AMC No.2 to CS 25.1329 Flight Testing of Flight Guidance Systems
ED
Decision 2007/020/R
Some aspects
of a Flight Guidance System (FGS) design may be validated by laboratory
testing or by simulation, other aspects may necessitate test pilot expertise
and subjective judgment in a representative aircraft environment. The purpose
of this AMC is to provide FGS flight test procedures without specifying the
test means to be used, i.e. actual aircraft or representative flight
simulator.
A flight
test program should be established that confirms the performance of the FGS
for the modes of operation and the operational capabilities supported by its
design. The operational implications of certain failures and Failure
Conditions may require flight evaluation. The pilot interface with FGS
controls and displays in the cockpit should also be assessed.
The scope of
the flight demonstration program will be dependent on the operational
capability being provided including any new and novel features. Early
coordination with the regulatory authorities is recommended to reduce
certification risks associated with the flight demonstration program.
The intent
of the flight demonstration program is to confirm that the operation of the
FGS is consistent with its use for the intended flight operations of the
aeroplane type and configuration.
The modes of
the FGS should be demonstrated in representative aeroplane configurations and
under a representative range of flight conditions.
The
following are specific test procedure that can assist in that demonstration
program. The procedures should be read in conjunction with Sections 10, 11 and
14 of AMC No. 1 to CS 25.1329.
2. Protection Features
Protection
feature are included in the design of an FGS to assist the flight crew in
ensuring that boundaries of the flight envelope or operational limits are not
exceeded leading to an unsafe condition. The means to alert the flight crew to
a condition or for the system to intervene to preclude the condition may vary
but certain operational scenarios can be used to assess the performance of the
system in providing the protection function. The following procedures can be
used to evaluate the protection functions of an FGS.
The low
speed protection feature in an FGS is intended to prevent loss of speed to an
unsafe condition (Refer to AMC No. 1 to CS 25.1329 – Section 10.4.1). This may
be accomplished by a number of means but should be evaluated under a number of
scenarios.
There are
four cases that should be considered when evaluating when the Low Speed
Protection function of a FGS:
1. High Altitude Cruise Evaluation.
(a) At high altitude at normal cruise speed,
engage the FGS into an Altitude Hold mode and a Heading or LNAV mode.

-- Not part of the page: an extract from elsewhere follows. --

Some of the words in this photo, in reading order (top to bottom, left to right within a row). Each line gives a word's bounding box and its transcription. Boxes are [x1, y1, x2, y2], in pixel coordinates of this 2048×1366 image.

(b) Engage the autothrust into a speed mode.
(c) Manually reduce one engine to idle
thrust.
(d) As the airspeed decreases, observe the FGS
behaviour in maintaining altitude and heading/course.

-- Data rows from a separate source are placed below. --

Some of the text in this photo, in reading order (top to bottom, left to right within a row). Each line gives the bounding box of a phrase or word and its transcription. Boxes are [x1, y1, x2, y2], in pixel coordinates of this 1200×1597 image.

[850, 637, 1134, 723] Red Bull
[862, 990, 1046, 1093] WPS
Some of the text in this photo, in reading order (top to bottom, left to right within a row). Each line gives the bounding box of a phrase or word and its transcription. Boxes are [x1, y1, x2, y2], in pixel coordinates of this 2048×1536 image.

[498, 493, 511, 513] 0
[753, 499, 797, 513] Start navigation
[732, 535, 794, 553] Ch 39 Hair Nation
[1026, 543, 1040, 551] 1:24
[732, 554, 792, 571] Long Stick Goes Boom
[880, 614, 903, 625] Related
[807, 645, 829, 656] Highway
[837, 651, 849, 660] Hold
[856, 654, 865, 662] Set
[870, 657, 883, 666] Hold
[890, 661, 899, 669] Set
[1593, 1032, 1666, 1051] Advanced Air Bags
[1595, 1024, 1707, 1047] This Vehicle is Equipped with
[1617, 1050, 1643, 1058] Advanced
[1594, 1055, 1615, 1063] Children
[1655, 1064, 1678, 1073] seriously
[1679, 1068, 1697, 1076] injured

(e) When the Low Speed Protection condition
becomes active, note the airspeed and the associated aural and visual alerts
including possible mode change annunciations for acceptable operation.
2. Altitude Capture Evaluation at Low
Altitude.
(a) At about 1000 m (or 3000 ft) MSL and 460
km/h (or 250 kt), engage the FGS into Altitude Hold and a Heading or LNAV
mode.
(b) Engage the autothrust into a speed mode.
(c) Set the Altitude Pre-selector to 2500 m
(or 8000 ft) MSL.
(d) Make a flight level change to 2500 m (or
8000 ft) with a 460 km/h (250 kt) climb at maximum climb power.
(e) When the FGS first enters the altitude
capture mode, retard an engine to idle power.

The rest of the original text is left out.